* _Problem_
The entries that follow should come back exactly, with no pictures among them.

____________________

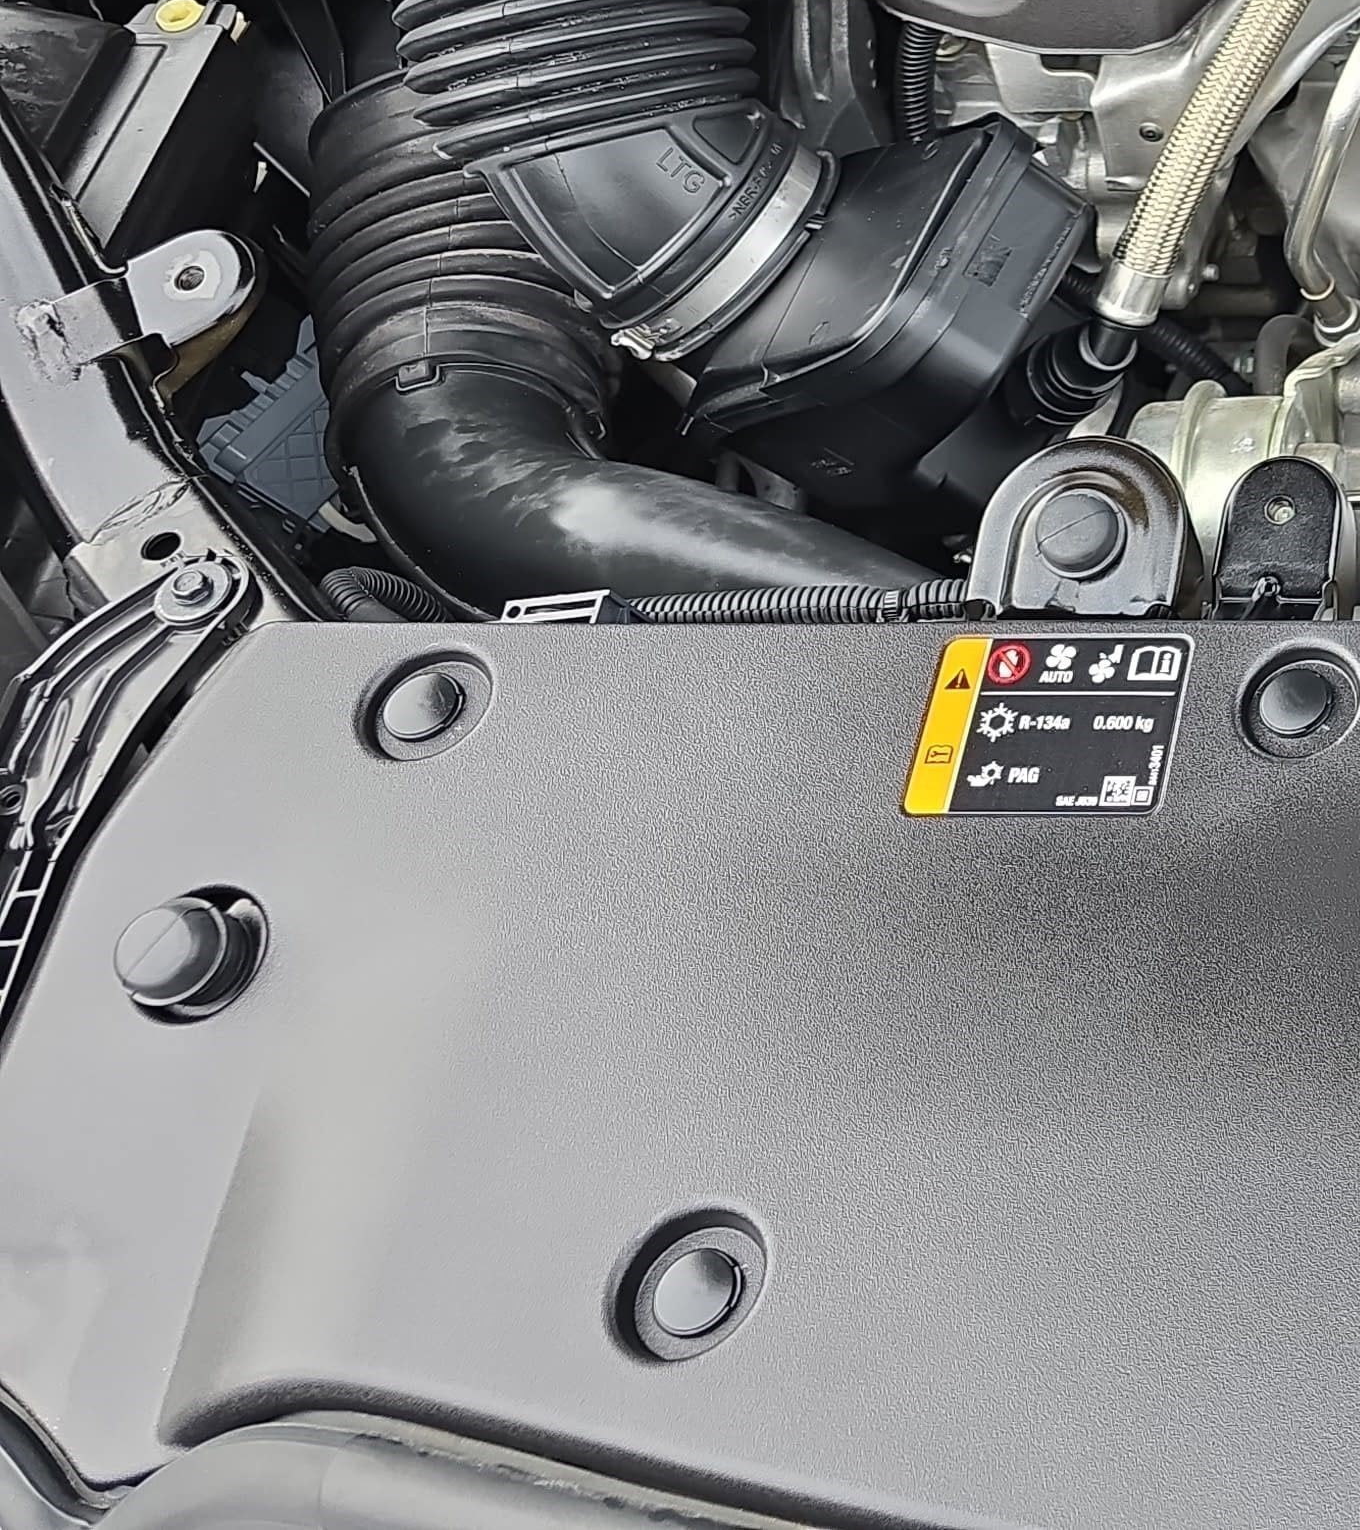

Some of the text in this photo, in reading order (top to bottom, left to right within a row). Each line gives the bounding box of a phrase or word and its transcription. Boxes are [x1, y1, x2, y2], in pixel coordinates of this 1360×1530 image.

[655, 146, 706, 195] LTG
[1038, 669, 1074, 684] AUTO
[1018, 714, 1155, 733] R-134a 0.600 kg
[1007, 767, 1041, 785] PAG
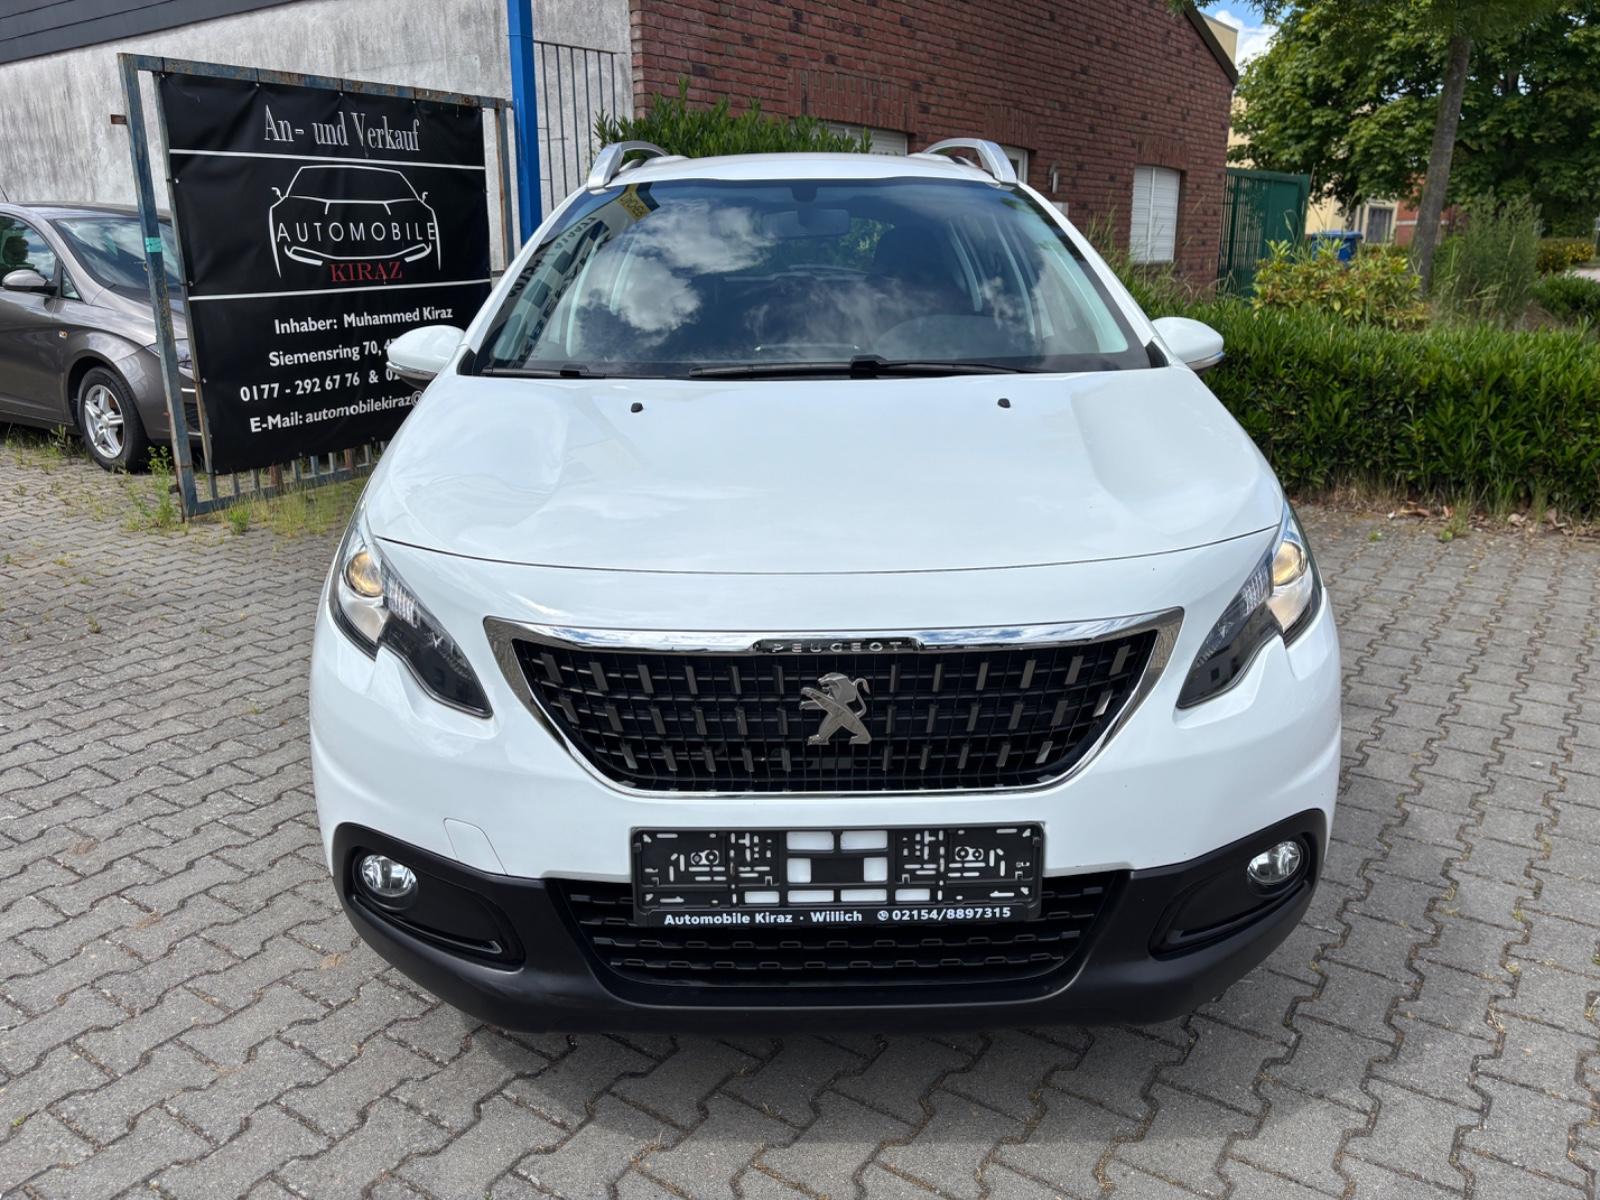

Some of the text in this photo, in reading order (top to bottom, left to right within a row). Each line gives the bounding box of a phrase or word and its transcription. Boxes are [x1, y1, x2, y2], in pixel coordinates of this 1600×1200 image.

____________________

* _Solution to the exercise_
Some of the text in this photo, in reading order (top to bottom, left to right within a row). Each line gives the bounding box of a phrase or word and its transcription. Boxes are [x1, y1, x2, y2], in pixel coordinates of this 1360×1530 image.

[655, 146, 706, 195] LTG
[1038, 669, 1074, 684] AUTO
[1018, 714, 1155, 733] R-134a 0.600 kg
[1007, 767, 1041, 785] PAG

Some of the text in this photo, in reading order (top to bottom, left to right within a row). Each line gives the bounding box of a phrase or word and its transcription. Boxes are [x1, y1, x2, y2], in pixel coordinates of this 1600×1200 image.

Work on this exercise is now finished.